With his physician estimating he had just six months to live, Gour set out on his tour in February. He traveled farther than he had originally dared plan.
But on April 11, his legs hurt so much during a four-hour trip that he abandoned his new plans to drive his RV back to Los Angeles. He decided to stay in Pennsylvania with his family.
His breathing became more labored as the days passed. He could barely speak without coughing. Walking became a struggle, and he was in pain.
Dannemann, his oldest sister, said her brother spent his final days doing what he loved: watching movies and tapes of his favorite television shows, and being with his family.
At one point, she said he curled up on the sofa next to his 72-year-old mother, placing his head in her lap and letting her stroke his hair as she had when he was a child.

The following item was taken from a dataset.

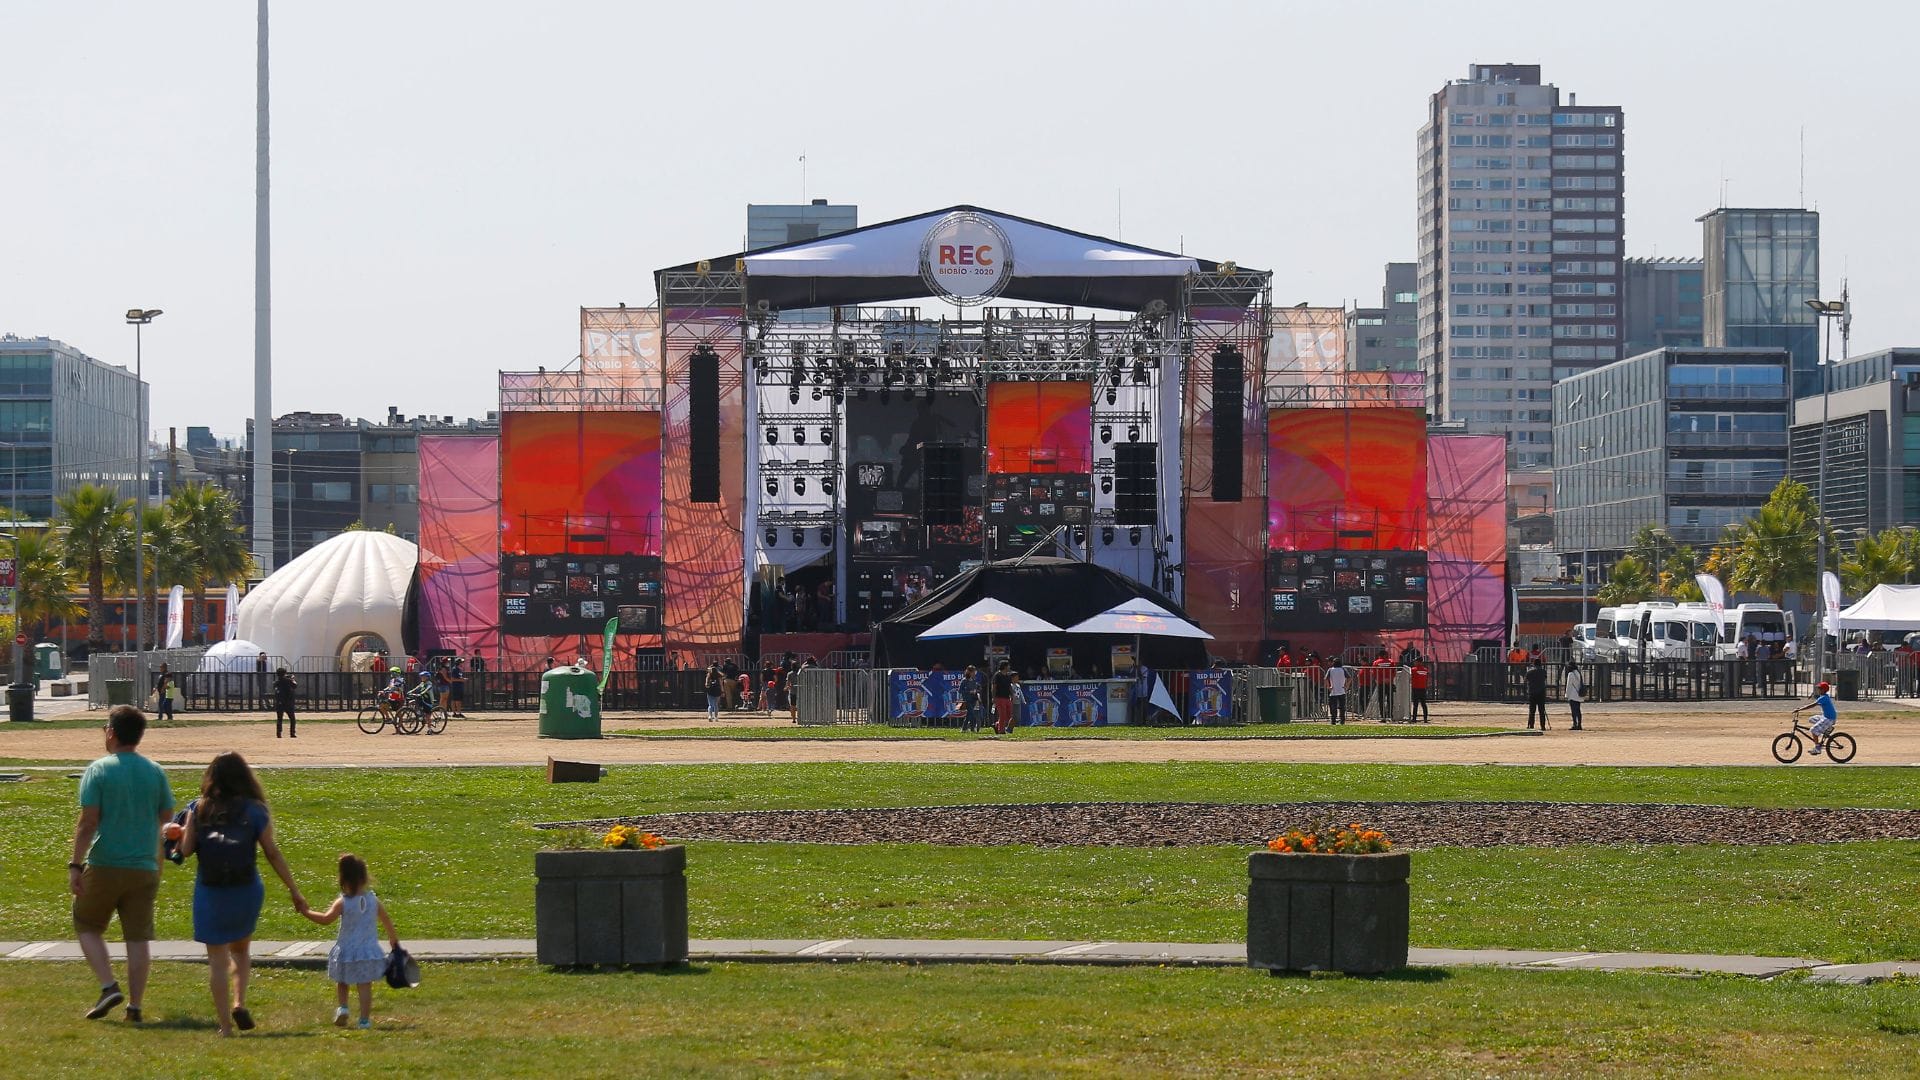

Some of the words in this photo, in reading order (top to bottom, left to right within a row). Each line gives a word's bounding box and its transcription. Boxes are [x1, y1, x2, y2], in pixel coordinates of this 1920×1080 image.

[939, 245, 993, 266] REC
[588, 332, 656, 356] REC
[1269, 331, 1338, 358] REC

Gour left his family behind in Pennsylvania and flew to Los Angeles on Sunday to end his life.
On Monday, Dannemann said their mother was struggling with her son's death, even though she'd spent months preparing.
"We were up all night, and she said, 'I'm not supposed to outlive my son,' " Dannemann said.
But Dannemann said she was at peace because she shared her brother's faith in an afterlife.
"The last thing I said to him was I will see him in heaven," she said. "I have God's promise that that is where he's going to be."
As he entered his final days, Gour said he felt God was guiding him throughout his final journey.
"I feel God has completely directed this all along the way," he said. "I have even less doubt, less fear and even less anxiety than I did because I feel this has been coordinated and approved by God."